Joplin’s persistent advocacy played a significant role in converting the public to the idea of joint stock banking, although real change was not implemented until its necessity was underlined by the severe financial crisis of 1825.

Lender of last resort

In 1825 a major financial crisis threatened widespread commercial collapse throughout England and Wales. It was in response to this crisis that Joplin’s long-standing campaign for joint stock banking finally triumphed, but even in the more immediate term, Joplin’s influence was significant. As the crisis deepened in December 1825, Joplin published an article in The Courier, demanding that the Bank of England take action to stabilise the situation. The following day the Bank did just that, significantly increasing note issue. Joplin can thus be identified as the originator of the concept – more often attributed to Walter Bagehot – of the Bank of England as the lender of last resort.

Banking career

Joplin did not limit his support for joint stock banking to pamphleteering. He also became more practically involved in establishing the first generation of such banks.

His first success in the field was in Ireland, where the formation of such banks became possible earlier than in England. Provincial Bank of Ireland was first projected in 1824 and opened the following year, based in London but operating branches in Ireland. It was to be run on the Scottish model, and Joplin was secretary of the promotion committee and later of the bank itself. However, by April 1826 he had left to pursue what he described as ‘other objects’.

His move may well have been prompted by legislative changes in 1826 which finally paved the way for joint-stock banks in England and Wales, as long as they were more than 65 miles from London. Indeed, it was Joplin himself who, upon examining the Bank of England’s charter, had realised that its monopoly on note issue was in fact no bar to the establishment of non-issuing banks.

Joplin’s great ambition had always been to establish a large, national joint stock bank. It was to this objective that he now turned his full attention. In 1826 he submitted a scheme to his cousin George Fife Angas for a federal association of numerous independent provincial banks which would be linked together by a central management structure. He proposed to call the new concern National Provincial Bank of England.

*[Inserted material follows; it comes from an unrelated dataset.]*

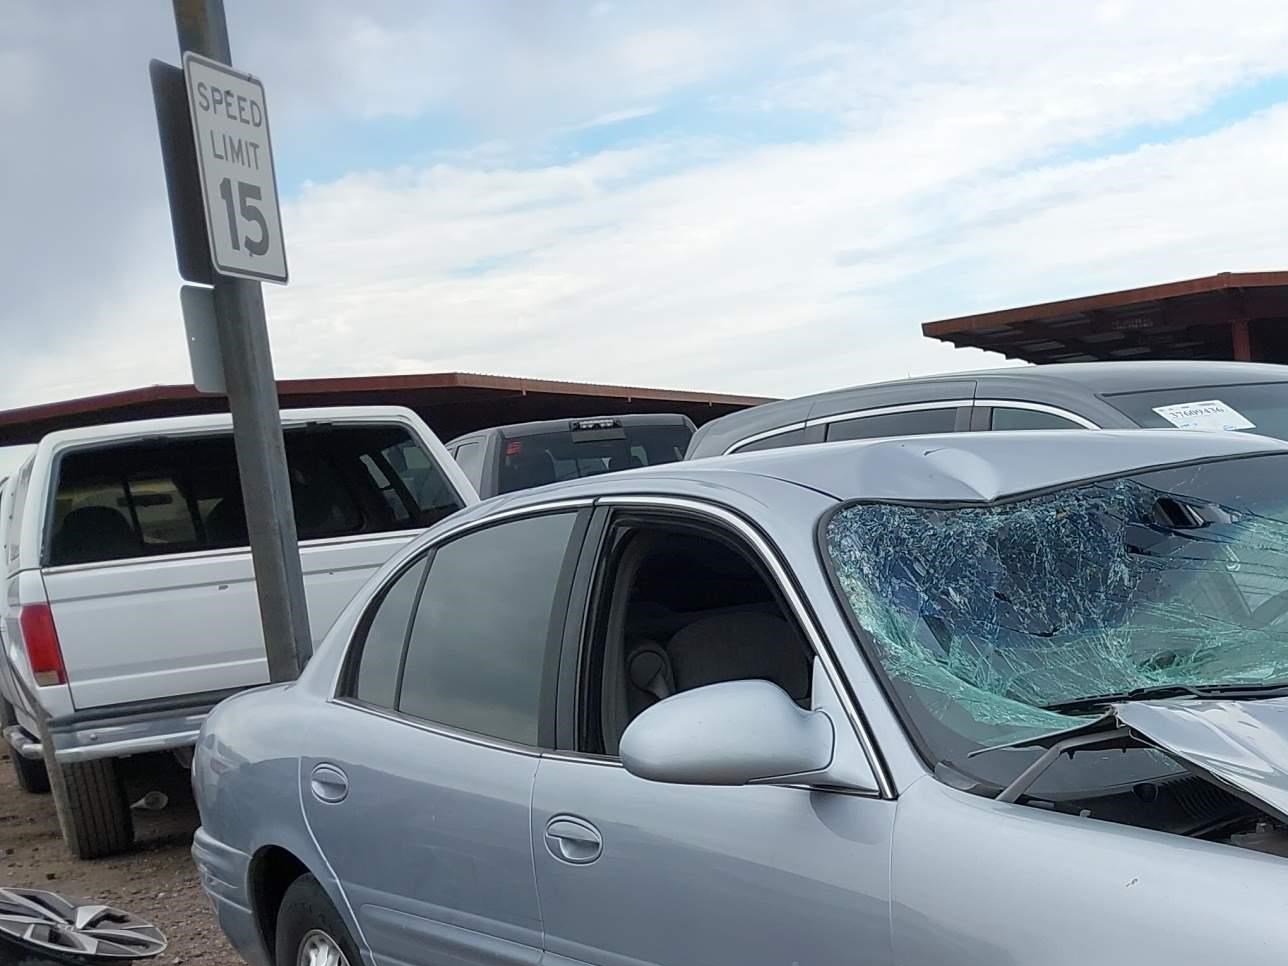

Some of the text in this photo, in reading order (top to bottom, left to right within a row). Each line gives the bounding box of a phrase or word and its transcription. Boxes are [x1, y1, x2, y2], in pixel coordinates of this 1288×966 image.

[197, 82, 262, 127] SPEED
[210, 130, 260, 169] LIMIT
[220, 177, 269, 256] 15

The late 1820s and early 1830s saw significant civil disturbances arising from agitation for parliamentary reform, so Joplin’s bank plan was not carried out until 1833, when National Provincial Bank of England was established, with Joplin as a director. His involvement was, however, destined to be short-lived. Following a series of disagreements with his fellow directors and the abandonment of the local shareholder system that was central to his vision, Joplin resigned from the bank in March 1835.

Joplin also helped to establish banks at Lancaster, Huddersfield, Bradford, Norwich, Whitehaven, Workington and Manchester, some of which became long-standing and influential regional banks. In 1839 he masterminded the reconstruction of Surrey, Kent & Sussex Bank to become London & County Banking Co, which eventually became Westminster Bank, one of the major high street names (along with National Provincial itself) that went on to become NatWest.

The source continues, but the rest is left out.